My heart is like an open highway!!
Like Frankie said I did it my way!!
I just wanna live while I am alive!!
IT'S! MY! LIFE!!
Ting! Ting! Ting! Bunyi gelas berdenting. Di depan Isaac, seorang pria meneguk bir langsung dari dua botol. Isaac tertawa, lalu menyemangati pria yang terobsesi minuman keras itu. Isaac menoleh ke kiri, dilihatnya sepasang kekasih tengah bercumbu, ia buru-buru berbalik ke kanan, dilihatnya ciuman yang lebih intens ada di sebelah kanannya. Tenggelam oleh buaian mimpi. Oh Isaac seperti tenggelam ke dalam buaian mimpi. Isaac menoleh ke belakang, dilihatnya seorang wanita berpakaian minim berlari ke arahnya, "Isaac!!"
***
"Abang, Abang di mana?" Ketik Annastasia, dengan perasaan harap-harap cemas. "Kok abang belum pulang?" lanjutnya. Mendapat notifikasi pesan begitu, Isaac langsung buru-buru menyingkir dari gemuruh pesta. Ia berdiri di pinggir jembatan lalu membalas,
"Gue masih di kerjaan, Ann," balas Isaac. Saat ia mengetik ini, seorang perempuan cantik berambut blonde yang tadi berlari ke arahnya, kini menggelendoti lengannya dengan manja.
"Katanya nanti malam pulang," balas Ann. "Ini udah malam, bang."
"Hmmm,sayang," perempuan blonde itu mendesah manja. Isaac merangkul pundak perempuan itu dengan senang hati.
"Hmmm, Camilla," desah Isaac, tak kalah manja.
Sebotol brendi Exshaw No. 1 tahu-tahu sudah ada di dalam genggaman Camilla, langsung saja ia menyorongkan botol brendi itu ke dalam mulut Isaac. Dua buah aliran sungai mengalir di leher Isaac saat ia meneguknya.
"Abang," ketik Ann lagi ketika ia tak kunjung mendapat balasan.
"Bisa gak sih lu gak usah ganggu gue?" Isaac kesal dan membalas pesan dari istrinya tersebut dengan ketus. "Kan gue udah bilang, walaupun kita udah menikah, bukan berarti lu harus ikut campur semua urusan gue. Gue bilang dari sekarang, kita hidup masing-masing aja. Iya, semua kebutuhan hidup lo gue yang tanggung. Tapi please, jangan ganggu gue.
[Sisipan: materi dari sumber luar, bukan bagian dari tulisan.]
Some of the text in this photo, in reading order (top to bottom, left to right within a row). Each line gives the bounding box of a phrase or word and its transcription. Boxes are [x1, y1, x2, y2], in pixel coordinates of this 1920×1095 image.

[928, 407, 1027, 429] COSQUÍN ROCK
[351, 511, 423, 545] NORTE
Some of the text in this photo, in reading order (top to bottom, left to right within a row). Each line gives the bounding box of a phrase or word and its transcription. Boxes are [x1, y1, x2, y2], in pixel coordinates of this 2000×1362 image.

Meh vi shalem? Lu paham?"
Jleb! Ada sesuatu yang nyelekit di hati Annastasia saat membaca balasan dari suaminya tersebut. Ia ditolak mentah-mentah, batinnya. Padahal ia hanya takut sendirian di rumah malam-malam. Ia takut Gestapo tiba-tiba mendatangi rumahnya sebagaimana mereka mendatangi sekolahnya dan mendata dirinya yang Noktarian ini. Dan Annastasia tak punya siapa-siapa yang bisa dimintai perlindungan selain suaminya sendiri.
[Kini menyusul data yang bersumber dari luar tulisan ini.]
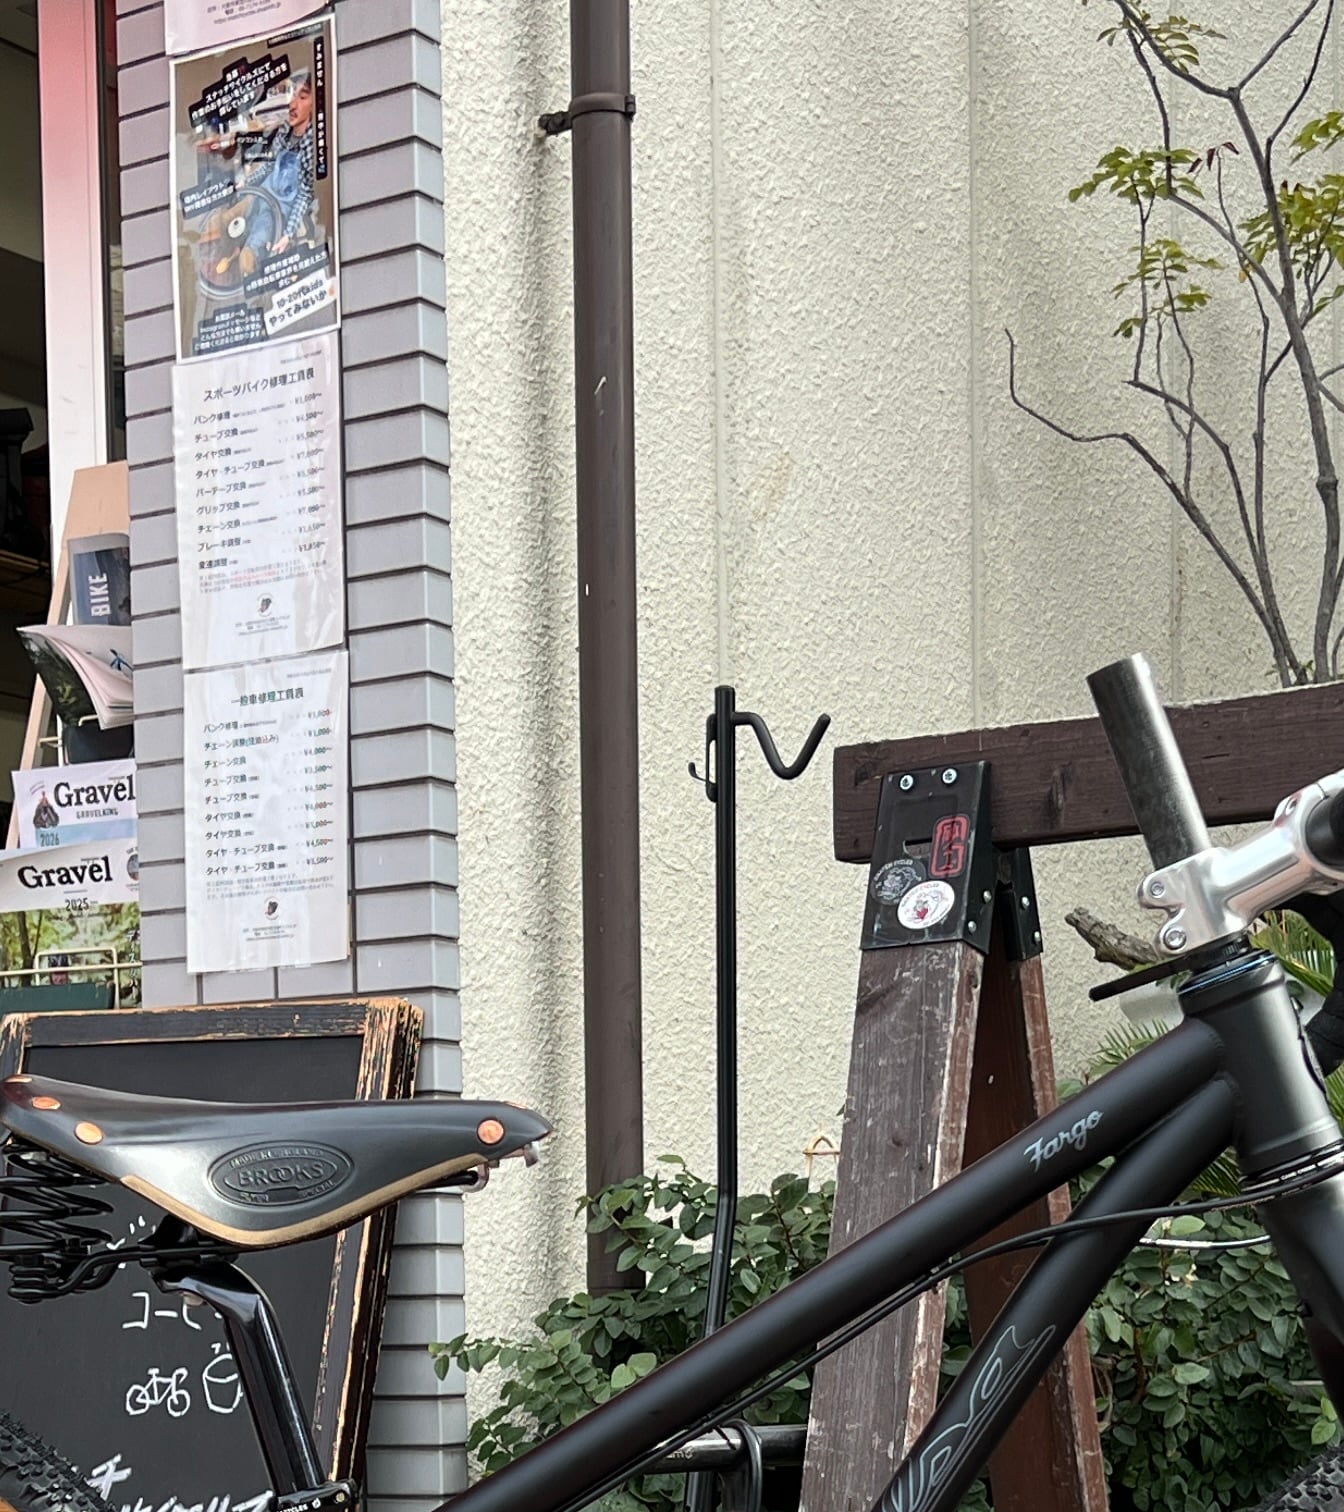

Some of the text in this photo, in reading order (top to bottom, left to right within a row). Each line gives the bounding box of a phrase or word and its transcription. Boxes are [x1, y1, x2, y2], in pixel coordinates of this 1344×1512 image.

[89, 571, 110, 617] BIKE
[53, 773, 136, 808] Gravel
[17, 855, 113, 889] Gravel
[65, 897, 89, 912] 2025
[1024, 1106, 1103, 1172] Fargo
[238, 1161, 325, 1187] BROOKS
"Iya paham, abang," balas Annastasia, akhirnya. Sebenarnya ia punya banyak argumen untuk dilontarkan kepada Isaac. Tentang kewajiban suami. Tentang hukum dan aturan dalam berumah tangga. Tentang perkara membangun bahtera kehidupan baru bersama. Tapi Ann tahu, kalau ia berargumen, ia hanya akan mengundang keributan dan perdebatan. Akhirnya, ia memilih mengalah dan menyimpan protesnya di dalam hati.
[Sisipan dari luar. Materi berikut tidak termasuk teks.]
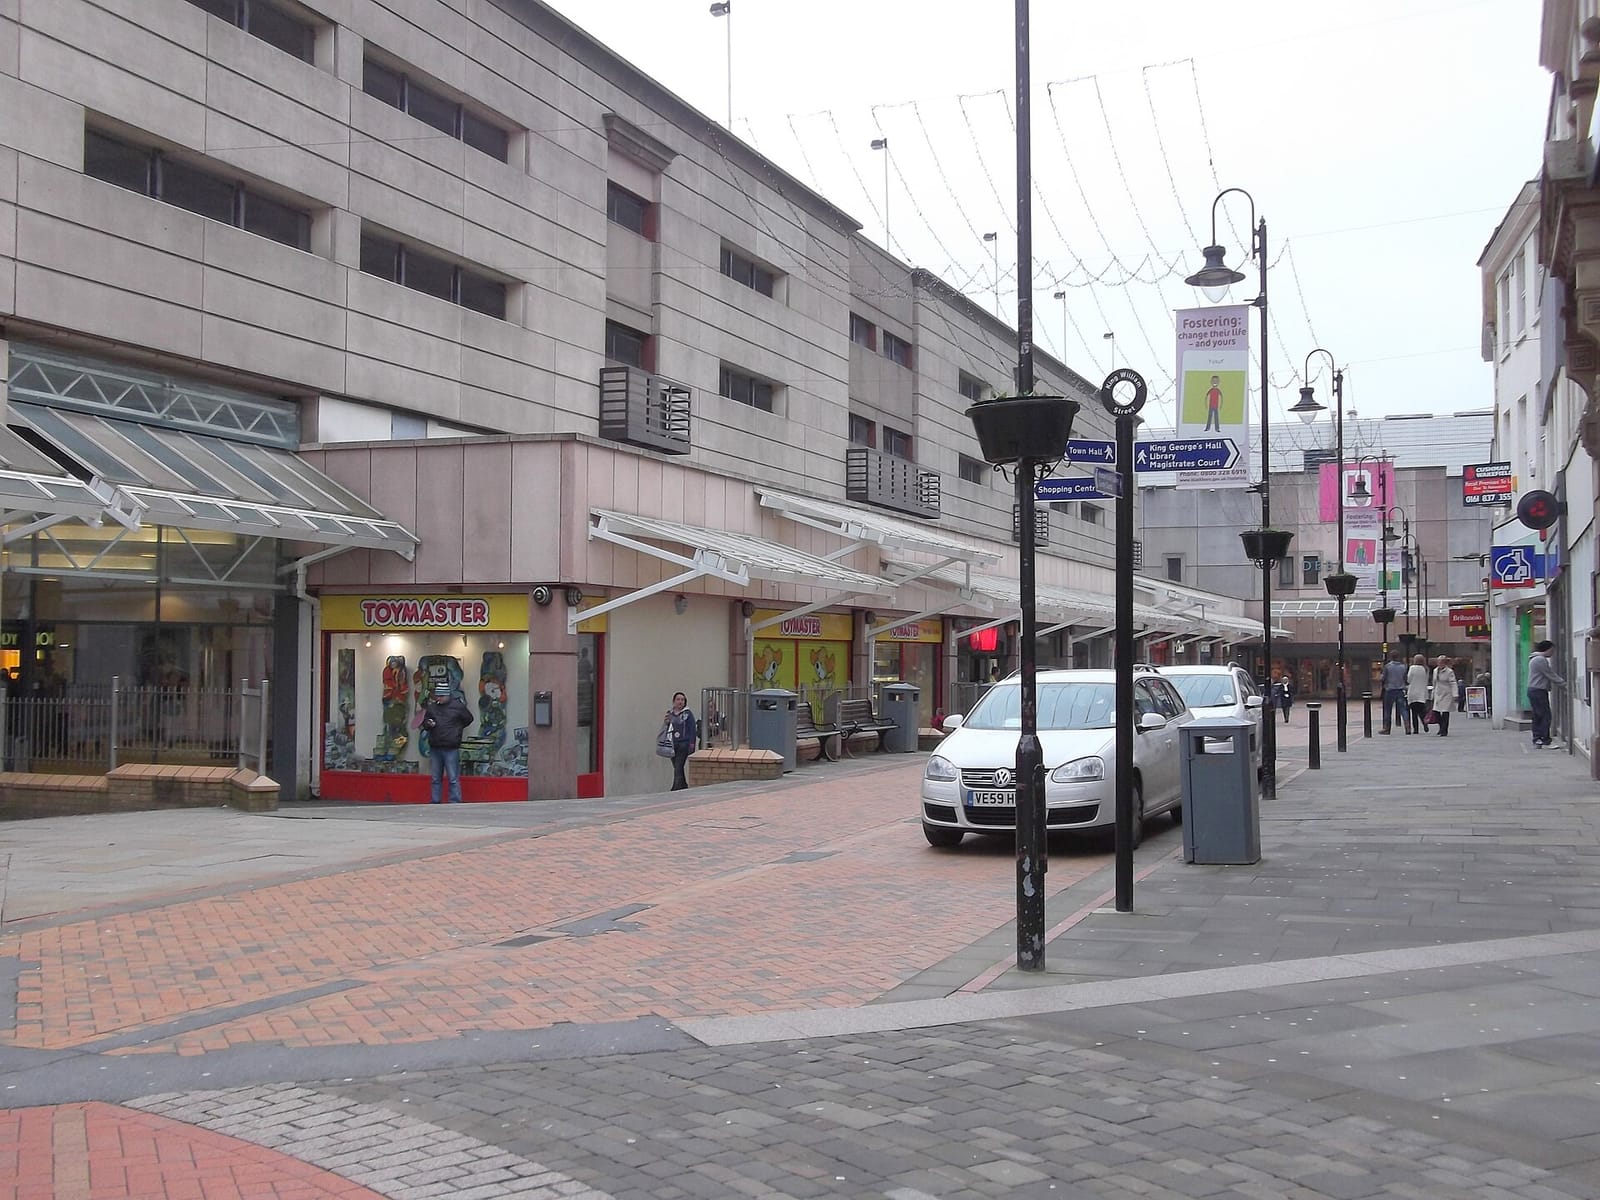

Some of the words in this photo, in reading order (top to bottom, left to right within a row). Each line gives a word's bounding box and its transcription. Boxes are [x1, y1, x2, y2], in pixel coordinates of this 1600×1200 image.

[1183, 316, 1242, 329] Fostering:
[1178, 332, 1208, 340] change
[1210, 329, 1231, 338] their
[1231, 328, 1247, 336] life
[1213, 338, 1236, 348] yours
[1069, 446, 1087, 454] Town
[1088, 447, 1103, 456] Hall
[1149, 444, 1167, 452] King
[1168, 442, 1203, 451] George's
[1205, 441, 1222, 449] Hall
[1149, 460, 1196, 469] Magistrates
[1197, 458, 1220, 467] Court
[1038, 485, 1073, 494] Shopping
[1074, 484, 1096, 492] Centr
[362, 601, 487, 624] TOYMASTER
[975, 793, 1004, 804] VE59
"Kalau pekerjaannya sudah selesai, cepat pulang ya, bang. Ann takut sendirian disini. Ann takut kalau nan-" pesan yang disampaikan Annastasia itu menggantung begitu saja. Tanpa sempat membacanya, Isaac sudah menutup ponselnya. Ia sudah keburu dicium oleh Camilla. Ciuman panas penuh gairah bercampur keringat dan harum aroma parfum yang telah lama dipakai seharian, juga bau alkohol.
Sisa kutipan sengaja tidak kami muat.